Royal Wedding V Osama on the social media

Posted Friday, May 6th, 2011

We witnessed two major global events over the last bank holiday weekend, one rejoicing the start of a new life together with the marriage of William and Kate and the other being the breaking news that Bin Laden had been shot by Navy Seals.

The Royal Wedding attracted an audience of 2 billion people, a third of the world’s population whilst Osama’s death was the most concealed secret in recent history and was watched by a handful of Obama’s closest advisors. Interestingly though, Osama’s death was first revealed on twitter when a person from Abootabad was live tweeting the attack- “Helicopter hovering above Abbottabad at 1am (is a rare event),” he went on to document the death of the most wanted man.

But what we’re interested in is how this affected the social media?

Were people still only interested in celebrating the Royal Wedding or was this long forgotten when news broke about Osama? Would it make a difference that the Royal Wedding had been planned long in advance and therefore people were already updating their social networking profiles or would the sudden news of Osama create a sudden reaction and sense that the news needed to be spread?

A few moments after Obama announced the death of Osama, one-fifth of global Tweets contained the word ‘Obama’. In comparison the Royal Wedding only reached one-tenth of all updates. Google saw a one million percent increase in searches for “bin Laden” and Twitter said messages posted between 7:45 p.m. and 9:20 p.m. PT that night were the “highest sustained rates of Tweets ever,” with Twitter averaging 3,000 tweets per second during that time.

Royal Wedding received several mentions during the 6 month lead up but Osama was being paid very little attention.  However on the day of the respective events the outcome was very different- Osama’s death far outweighed the wedding. Was this because it was sudden news or were people actually more interested? There’s no doubt the events are localized- the UK would have paid more attention to the wedding and the US would have been more interested in Osama’s death and therefore it may be that it’s the sheer population that accounts for the difference.

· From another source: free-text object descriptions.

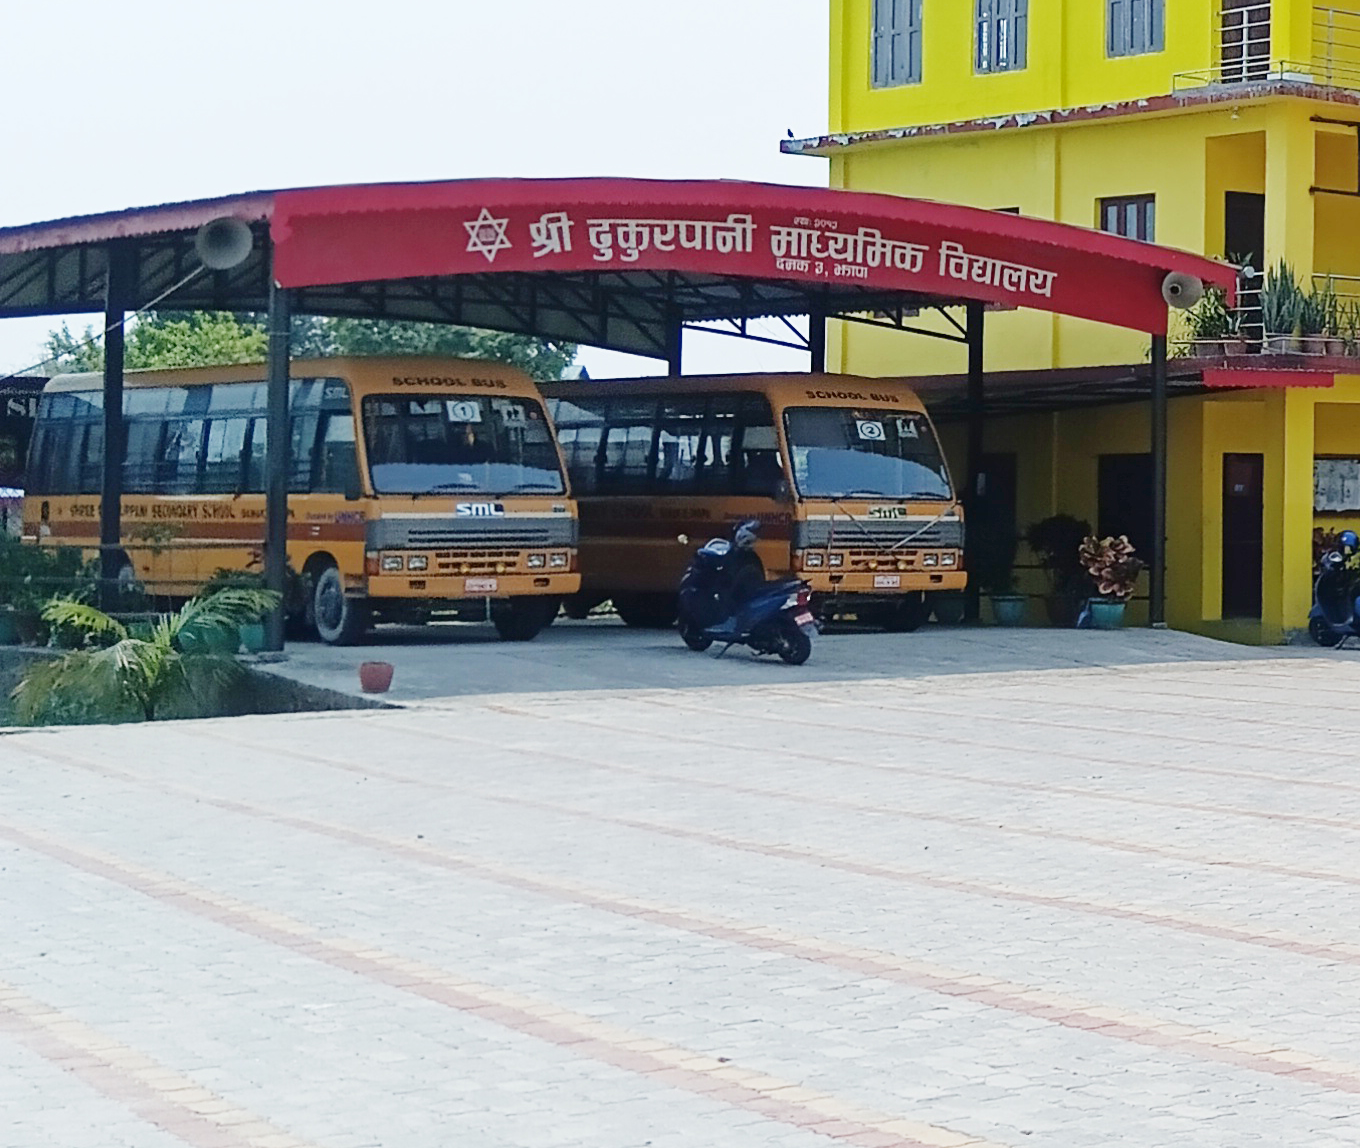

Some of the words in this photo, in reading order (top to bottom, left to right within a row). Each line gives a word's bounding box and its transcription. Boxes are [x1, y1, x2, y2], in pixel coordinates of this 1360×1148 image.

[529, 211, 575, 258] श्री
[769, 225, 930, 274] माध्यमिक
[938, 240, 1058, 298] विद्यालय
[392, 376, 467, 388] SCHOOL
[470, 378, 508, 390] BUS
[805, 389, 867, 401] SCHOOL
[869, 392, 900, 403] BUS
[201, 503, 237, 520] SCHOOL
[456, 502, 505, 517] SML

So what does this demonstrate? That news is best received on the social media when it is broken suddenly, or is it a because the content was more shocking? A previous record was when Michael Jackson suddenly died- Twitter witnessed 456 tweets per second. So what does this say about Twitter? Is it therefore a platform that is used to break sudden news and share it very quickly. The Osama news was the first time Twitter demonstrated that it was more reliable and accurate and the first source of breaking news. Major news stations were reacting to Twitter and behind its coverage. Is this the moment Twitter truly became the first port of any breaking news?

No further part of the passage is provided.